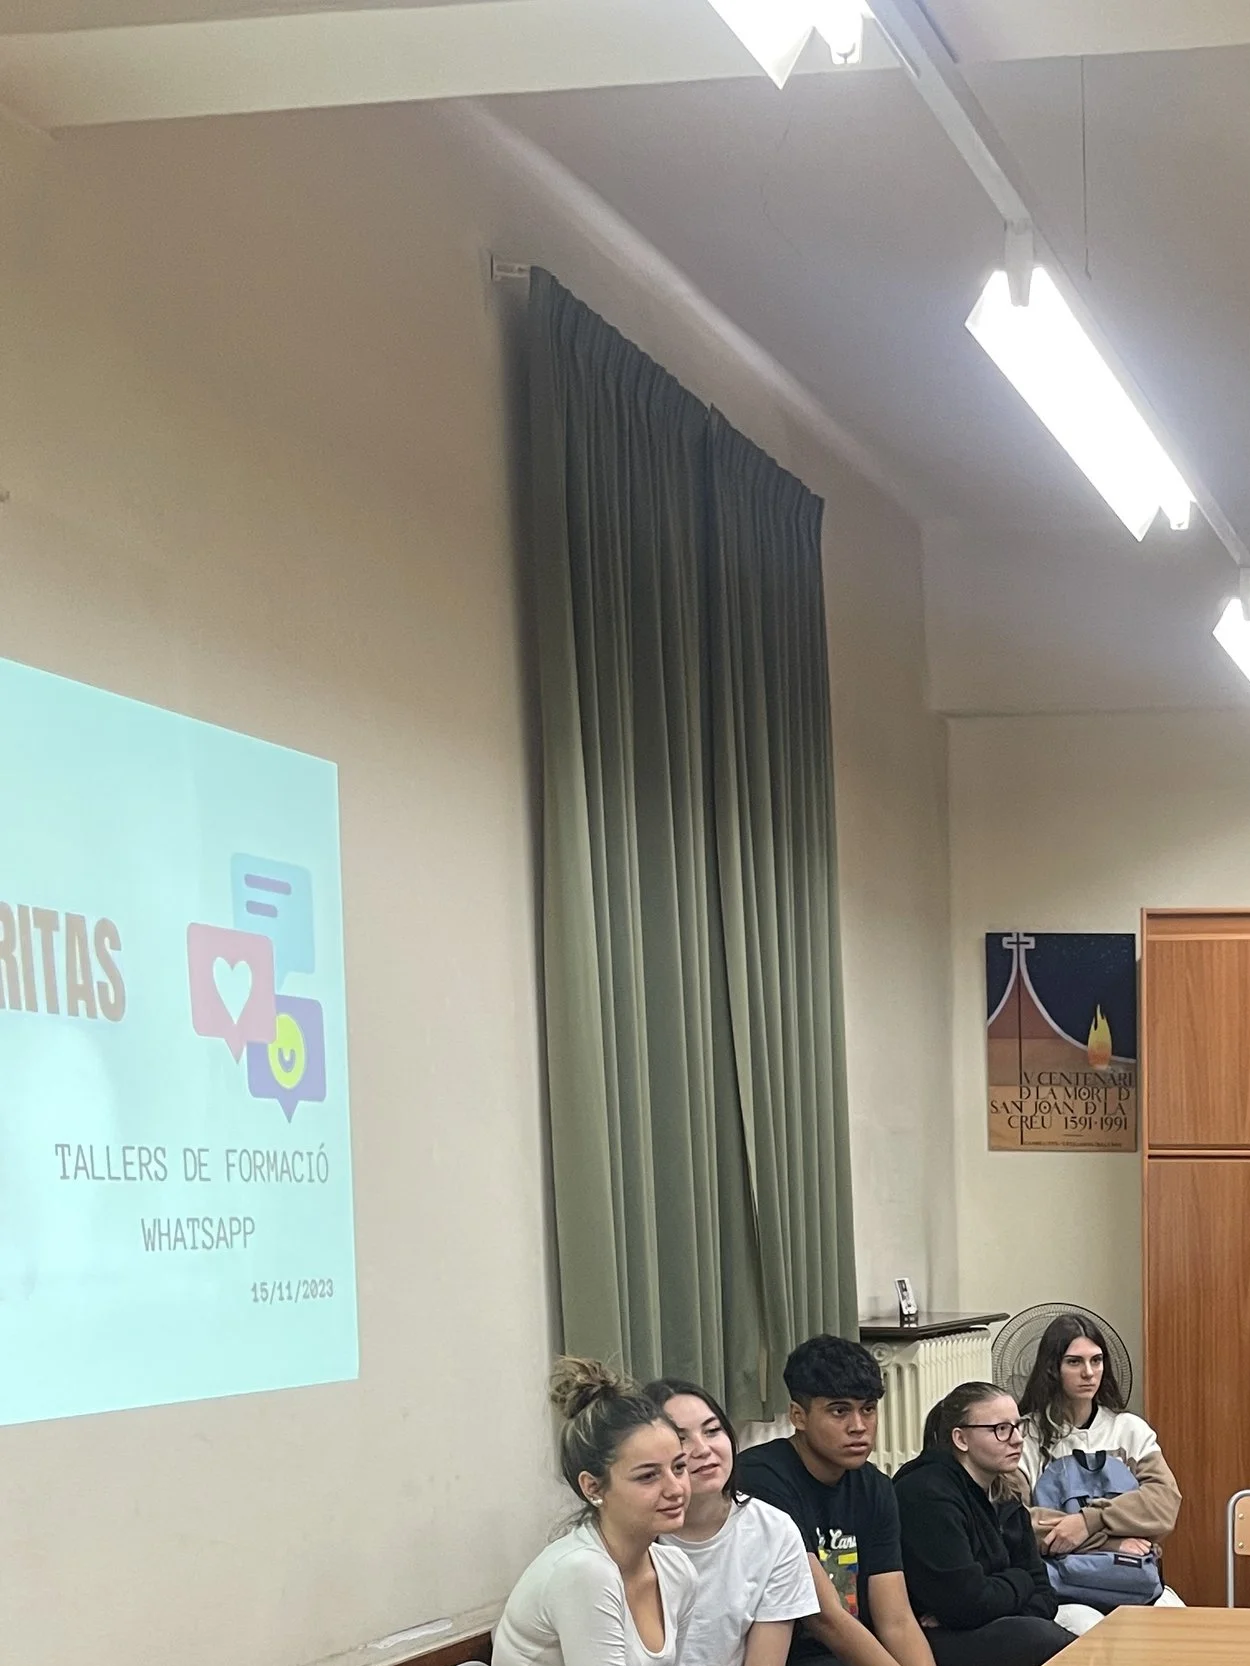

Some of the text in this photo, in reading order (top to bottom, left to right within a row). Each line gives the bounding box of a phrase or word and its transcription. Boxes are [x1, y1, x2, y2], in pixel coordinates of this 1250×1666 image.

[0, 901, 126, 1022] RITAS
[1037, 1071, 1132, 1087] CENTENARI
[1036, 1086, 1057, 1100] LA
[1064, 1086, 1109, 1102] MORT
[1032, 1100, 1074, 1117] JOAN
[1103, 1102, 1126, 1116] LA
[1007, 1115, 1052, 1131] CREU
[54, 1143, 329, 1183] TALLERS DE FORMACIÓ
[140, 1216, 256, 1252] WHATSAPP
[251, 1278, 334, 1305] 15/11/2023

++++++++

* PROBLEM DESCRIPTION *
Only an exact copy of the entries, with no pictures, is expected as the answer.

* RESPONSE TO THIS TASK *
Some of the text in this photo, in reading order (top to bottom, left to right within a row). Each line gives the bounding box of a phrase or word and its transcription. Boxes are [x1, y1, x2, y2], in pixel coordinates of this 1250×1666 image.

[0, 901, 126, 1022] RITAS
[1037, 1071, 1132, 1087] CENTENARI
[1036, 1086, 1057, 1100] LA
[1064, 1086, 1109, 1102] MORT
[1032, 1100, 1074, 1117] JOAN
[1103, 1102, 1126, 1116] LA
[1007, 1115, 1052, 1131] CREU
[54, 1143, 329, 1183] TALLERS DE FORMACIÓ
[140, 1216, 256, 1252] WHATSAPP
[251, 1278, 334, 1305] 15/11/2023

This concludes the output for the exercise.